Combining Landscape Photography and Hiking
As a landscape photographer seeking to create art in the natural world my preferred method of exploring it is on foot. It is a way to combine my two big passions of hiking and photography. Although it would seem like these two activities easily mesh together, it becomes a challenge because of the weight.
The camera and other needed gear such as extra lenses, tripod and filters that a landscape photographer needs are heavy, about 10 to 15 pounds. Add that to the necessary gear one should take into the backcountry such as water, clothing, emergency equipment, first aid, etc. and you end up with a heavy backpack.

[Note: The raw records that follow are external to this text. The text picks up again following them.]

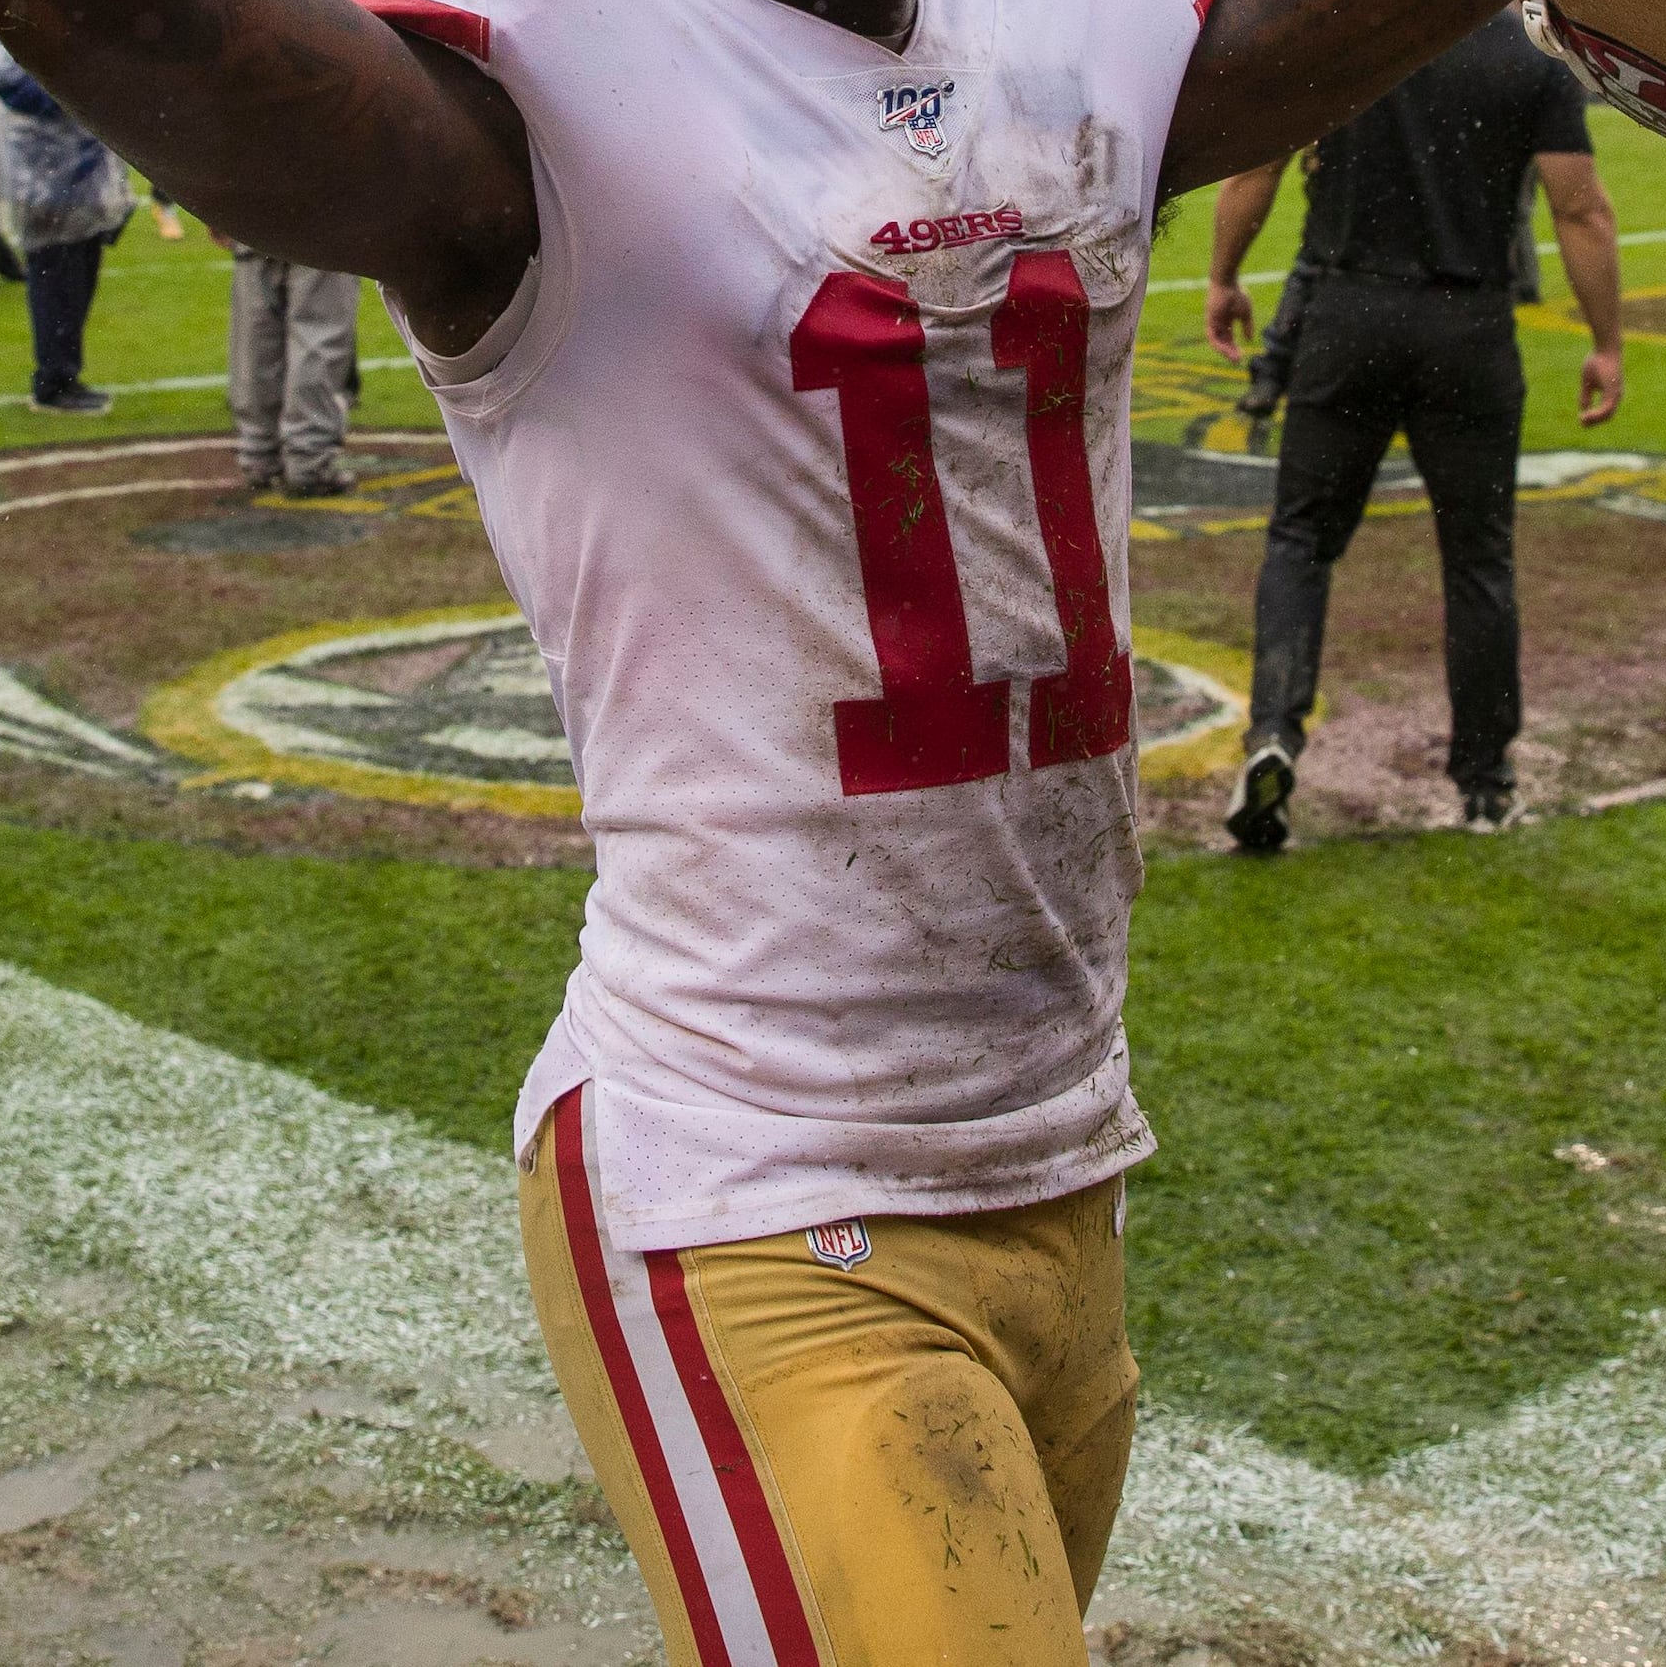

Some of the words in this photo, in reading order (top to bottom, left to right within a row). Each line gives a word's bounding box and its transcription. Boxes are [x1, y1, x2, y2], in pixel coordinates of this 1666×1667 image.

[914, 128, 942, 147] NFL
[869, 208, 1024, 256] 49ERS
[789, 249, 1131, 797] 11
[817, 1223, 864, 1257] NFL
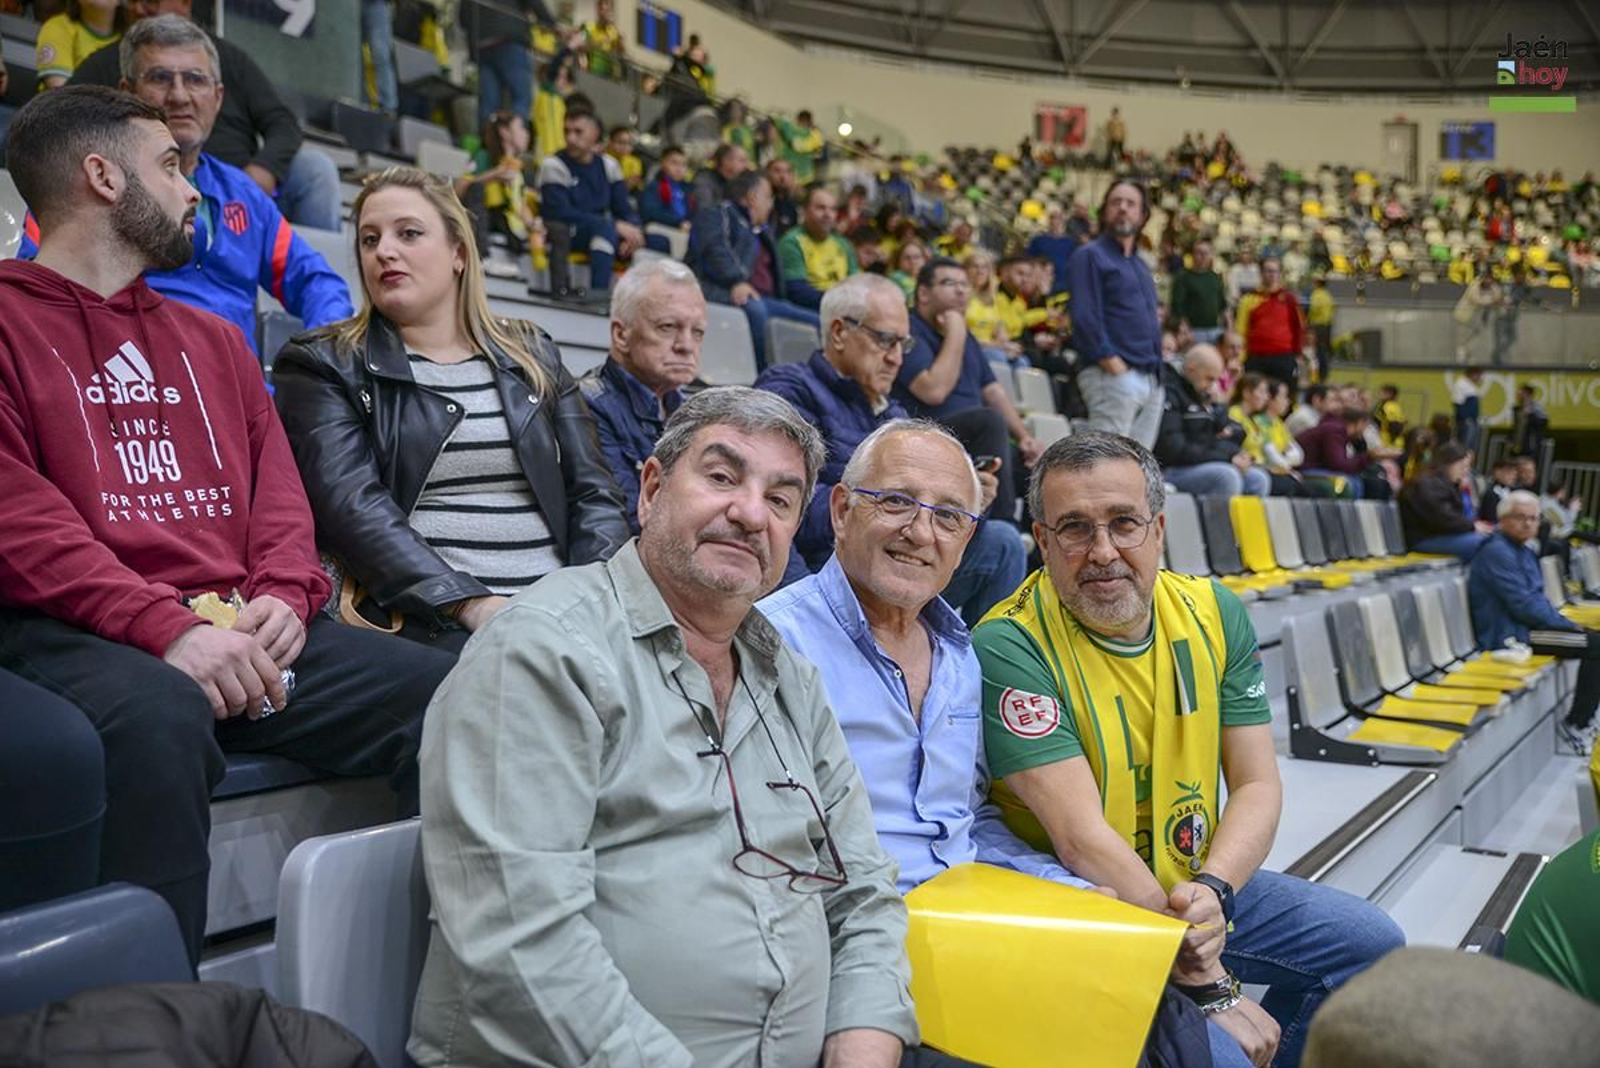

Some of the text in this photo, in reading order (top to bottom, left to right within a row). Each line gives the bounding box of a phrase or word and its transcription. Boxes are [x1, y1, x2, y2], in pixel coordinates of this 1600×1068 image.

[114, 439, 181, 484] 1949
[101, 486, 231, 508] FOR THE BEST
[108, 503, 233, 522] ATHLETES
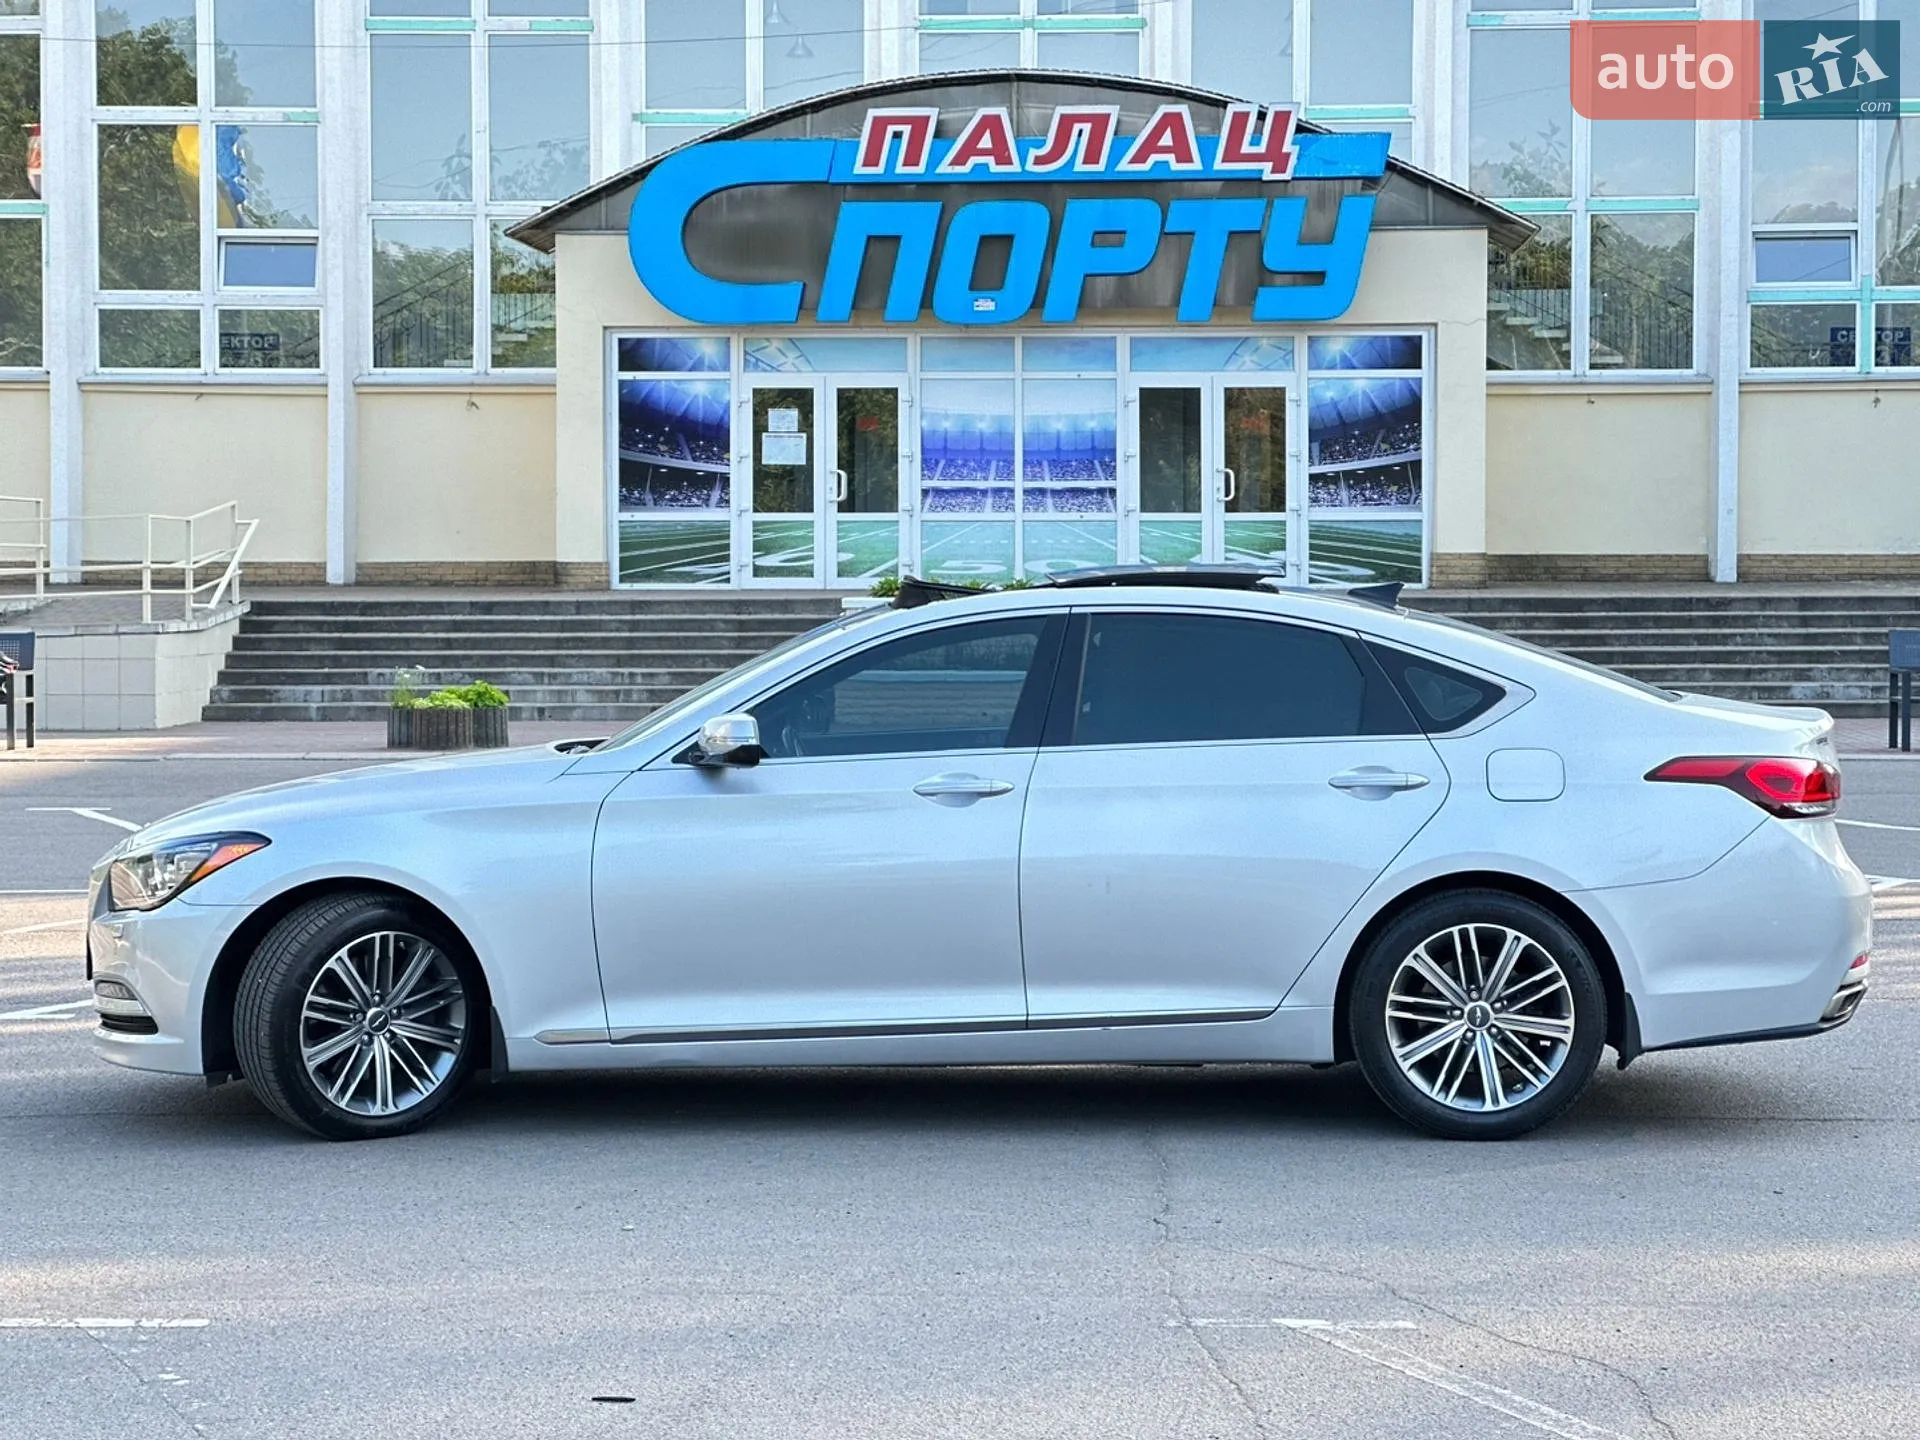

The big challenge is not only to find the right camera gear but also to find the right backpack. There are not a lot of people looking to carry a large amount of camera gear to photograph backcountry landscapes, so there are not a lot of companies making backpacks for this purpose. Camera bags are usually designed to hold cameras and not much else. Hiking backpacks are designed to hold hiking gear and not sensitive and fragile equipment.
I’ve spent years trying to find a way to solve this challenge. I’ve tried a lot of homemade solutions. Nothing really worked that would provide enough space and easy access for cameras and other gear comfortably.
Now, fortunately, a few manufacturers are rising to the occasion and making bags that are designed to carry photography and hiking gear. I use two different packs. One I use for heavy duty, winter hiking and travel is made by F-Stop Gear called the Loka. Note: This is an older version of the pack. I tried a newer version of the Loka which is now sold as an ultralight backpack, but found the quality was not good. Within a week a strap broke and a lot of the features that helped organize gear were eliminated, most likely to save weight. I also use the Lowepro Flipside Trek for light hiking. It is a small, comfortable backpack that can hold a camera, 2 lenses, tripod, and some hiking gear. This small pack is great for short or fast hikes where weight is an issue and I don’t need a lot of extra stuff for myself or camera.
Although, nothing will make the weight of my camera gear any less, at least dragging it around the backcountry is a bit easier now.